Work item:
Copy everything in the listing below word for word, apart from any images.

Available data:
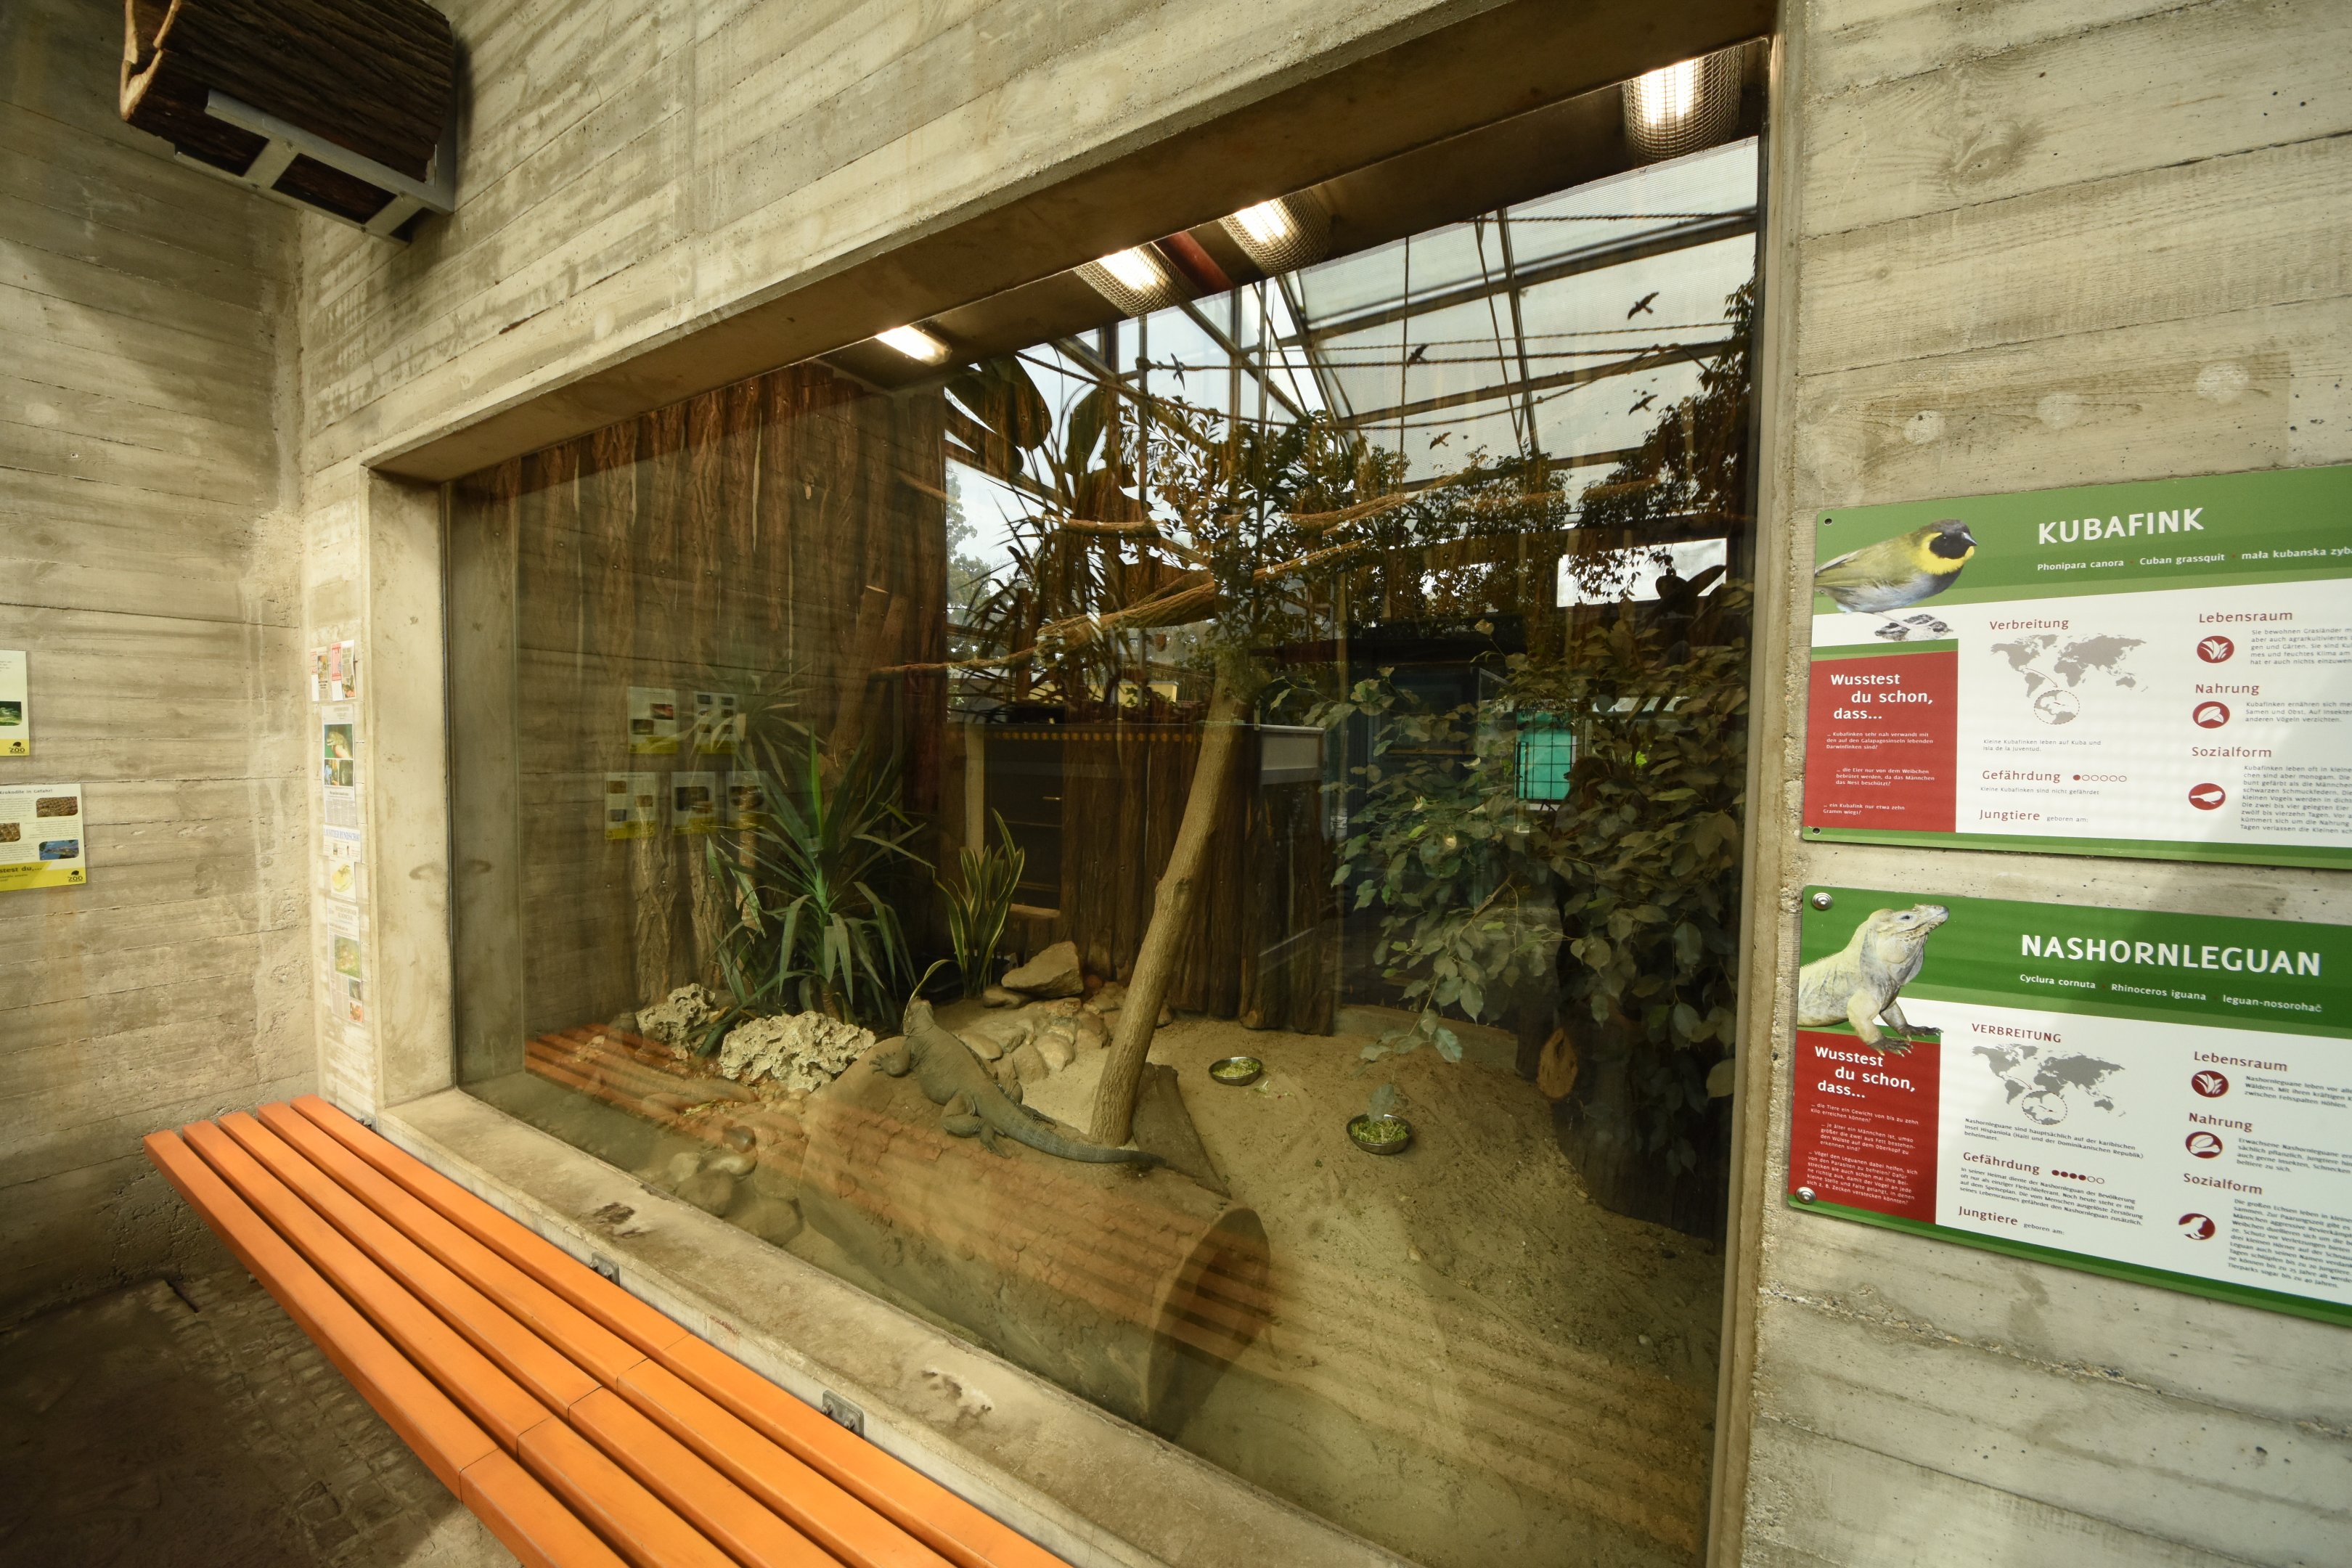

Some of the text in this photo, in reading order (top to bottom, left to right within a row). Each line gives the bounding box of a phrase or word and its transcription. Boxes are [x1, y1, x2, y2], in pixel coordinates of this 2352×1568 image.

[2039, 509, 2205, 544] KUBAFINK
[2037, 561, 2086, 573] Phonipara
[2139, 556, 2172, 565] Cuban
[2176, 553, 2225, 565] grassquit
[2273, 548, 2327, 558] kubanska
[1990, 618, 2070, 633] Verbreitung
[2200, 611, 2293, 623] Lebensraum
[1831, 674, 1900, 685] Wusstest
[1851, 690, 1933, 705] du schon,
[2195, 683, 2260, 697] Nahrung
[1834, 708, 1882, 719] dass...
[2192, 746, 2272, 758] Sozialform
[1983, 770, 2061, 783] Gefährdung
[1980, 809, 2041, 822] Jungtiere
[2022, 934, 2320, 976] NASHORNLEGUAN
[2020, 973, 2322, 1014] Cyclura cornuta Rhinoceros iguana leguan-nosorohač
[1972, 1024, 2062, 1042] VERBREITUNG
[1816, 1046, 1883, 1067] Wusstest
[2194, 1052, 2288, 1071] Lebensraum
[1834, 1066, 1916, 1092] du schon,
[1818, 1080, 1866, 1098] dass...
[2189, 1112, 2253, 1132] Nahrung
[1964, 1151, 2040, 1175] Gefährdung
[2183, 1173, 2263, 1195] Sozialform
[1959, 1205, 2018, 1228] Jungtiere

Exercise output:
Some of the text in this photo, in reading order (top to bottom, left to right within a row). Each line gives the bounding box of a phrase or word and its transcription. Boxes are [x1, y1, x2, y2], in pixel coordinates of this 2352×1568 image.

[2039, 509, 2205, 544] KUBAFINK
[2037, 561, 2086, 573] Phonipara
[2139, 556, 2172, 565] Cuban
[2176, 553, 2225, 565] grassquit
[2273, 548, 2327, 558] kubanska
[1990, 618, 2070, 633] Verbreitung
[2200, 611, 2293, 623] Lebensraum
[1831, 674, 1900, 685] Wusstest
[1851, 690, 1933, 705] du schon,
[2195, 683, 2260, 697] Nahrung
[1834, 708, 1882, 719] dass...
[2192, 746, 2272, 758] Sozialform
[1983, 770, 2061, 783] Gefährdung
[1980, 809, 2041, 822] Jungtiere
[2022, 934, 2320, 976] NASHORNLEGUAN
[2020, 973, 2322, 1014] Cyclura cornuta Rhinoceros iguana leguan-nosorohač
[1972, 1024, 2062, 1042] VERBREITUNG
[1816, 1046, 1883, 1067] Wusstest
[2194, 1052, 2288, 1071] Lebensraum
[1834, 1066, 1916, 1092] du schon,
[1818, 1080, 1866, 1098] dass...
[2189, 1112, 2253, 1132] Nahrung
[1964, 1151, 2040, 1175] Gefährdung
[2183, 1173, 2263, 1195] Sozialform
[1959, 1205, 2018, 1228] Jungtiere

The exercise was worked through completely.